## DATA
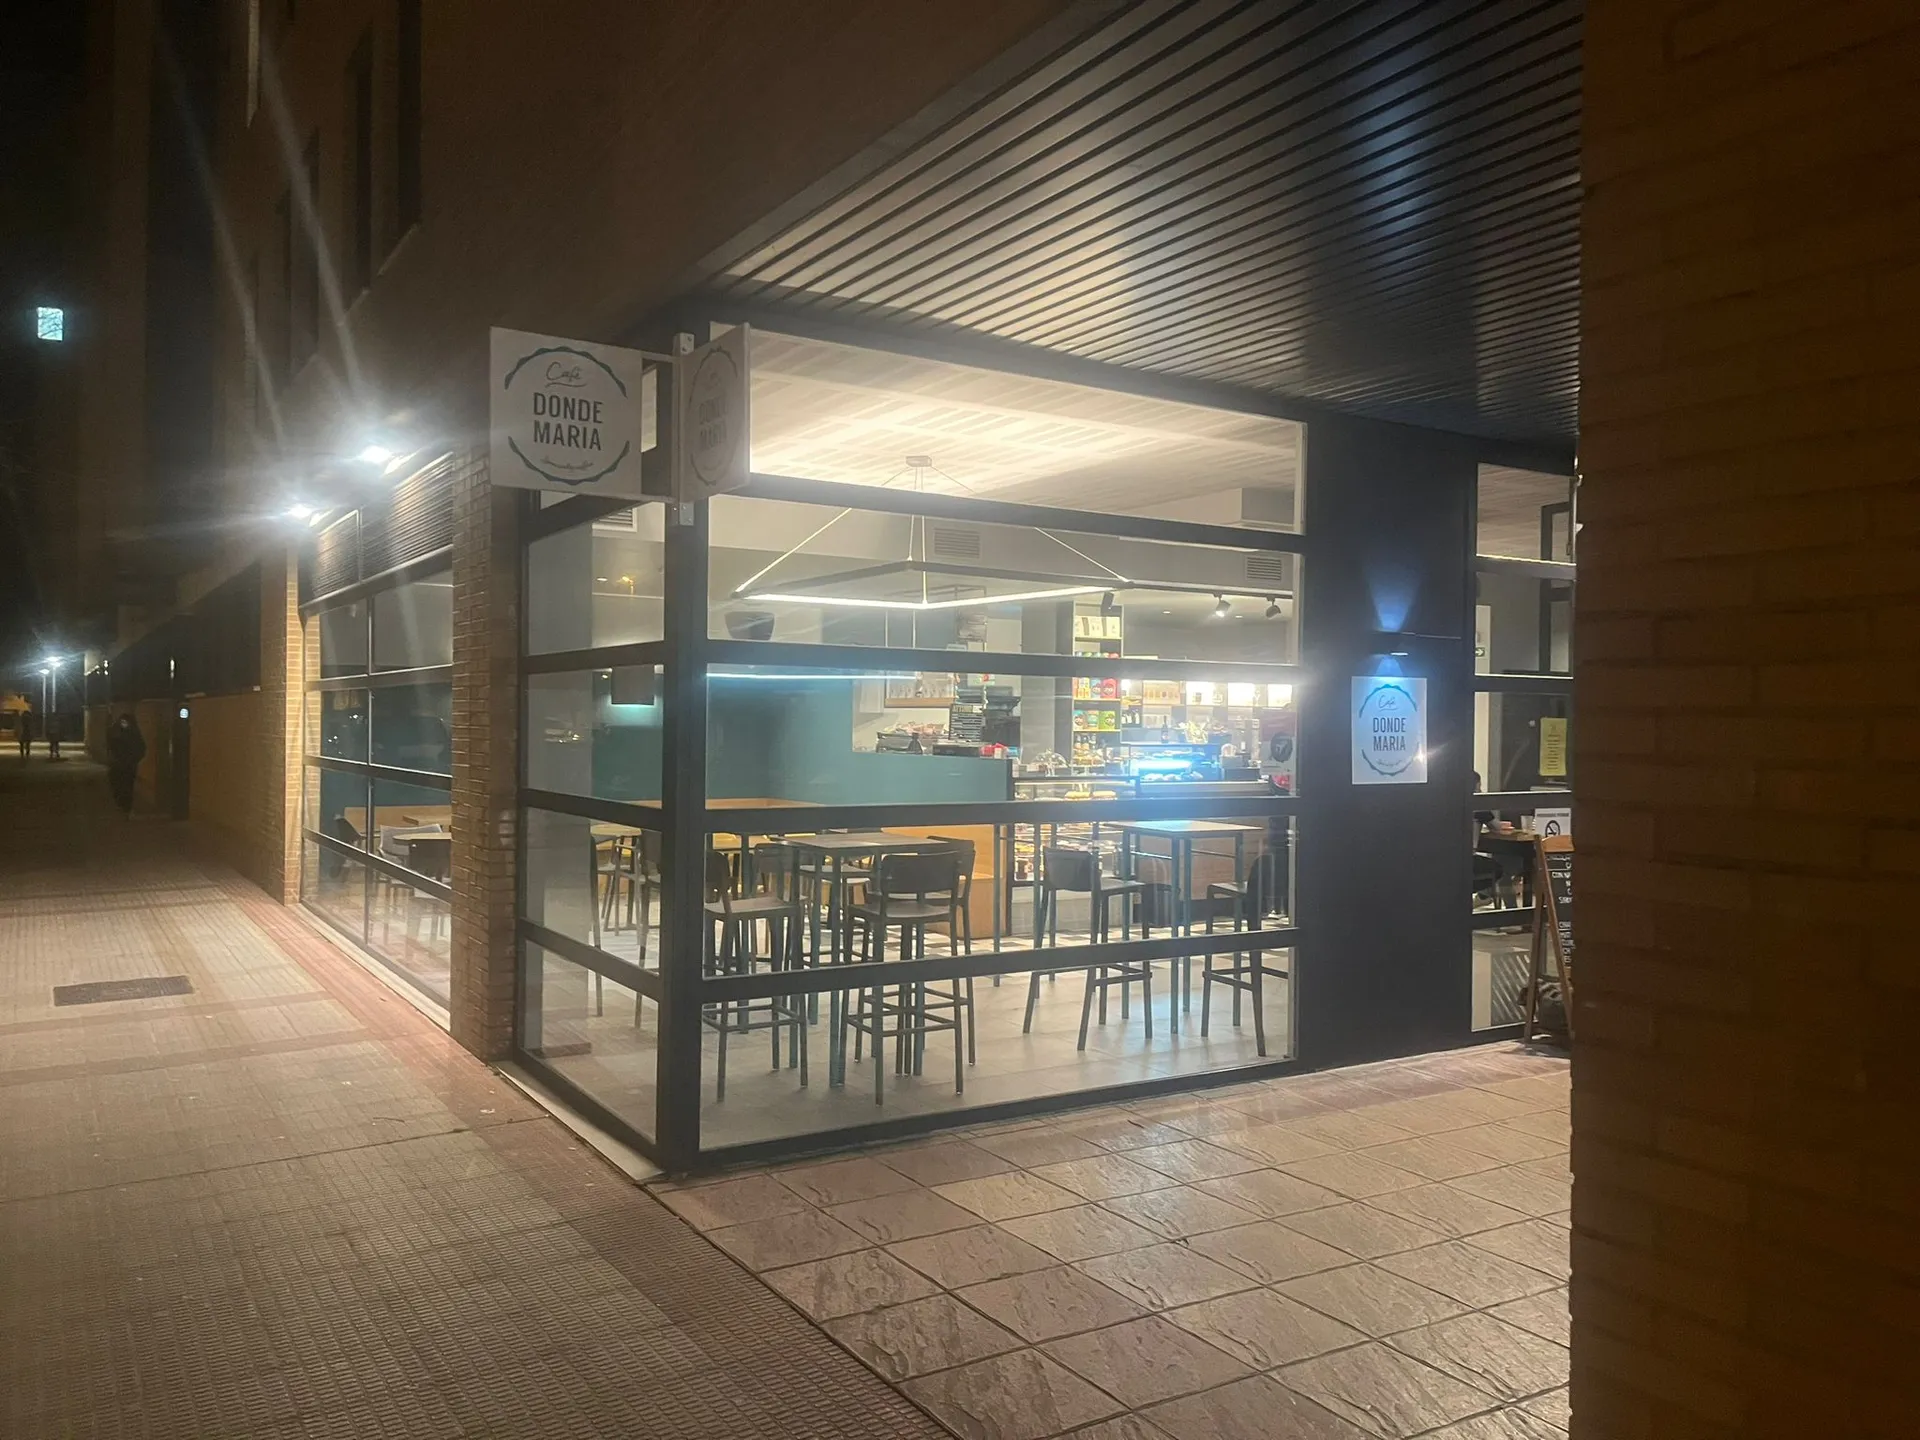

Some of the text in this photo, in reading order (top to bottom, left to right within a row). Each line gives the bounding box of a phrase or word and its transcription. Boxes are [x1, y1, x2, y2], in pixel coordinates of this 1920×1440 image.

[533, 392, 603, 424] DONDE
[533, 420, 602, 451] MARIA
[1373, 717, 1407, 733] DONDE
[1373, 735, 1407, 752] MARIA

## PROBLEM DETAILS
Write out the whole listing exactly. Do not include the pictures.

## WRITTEN REPLY
Some of the text in this photo, in reading order (top to bottom, left to right within a row). Each line gives the bounding box of a phrase or word and its transcription. Boxes are [x1, y1, x2, y2], in pixel coordinates of this 1920×1440 image.

[533, 392, 603, 424] DONDE
[533, 420, 602, 451] MARIA
[1373, 717, 1407, 733] DONDE
[1373, 735, 1407, 752] MARIA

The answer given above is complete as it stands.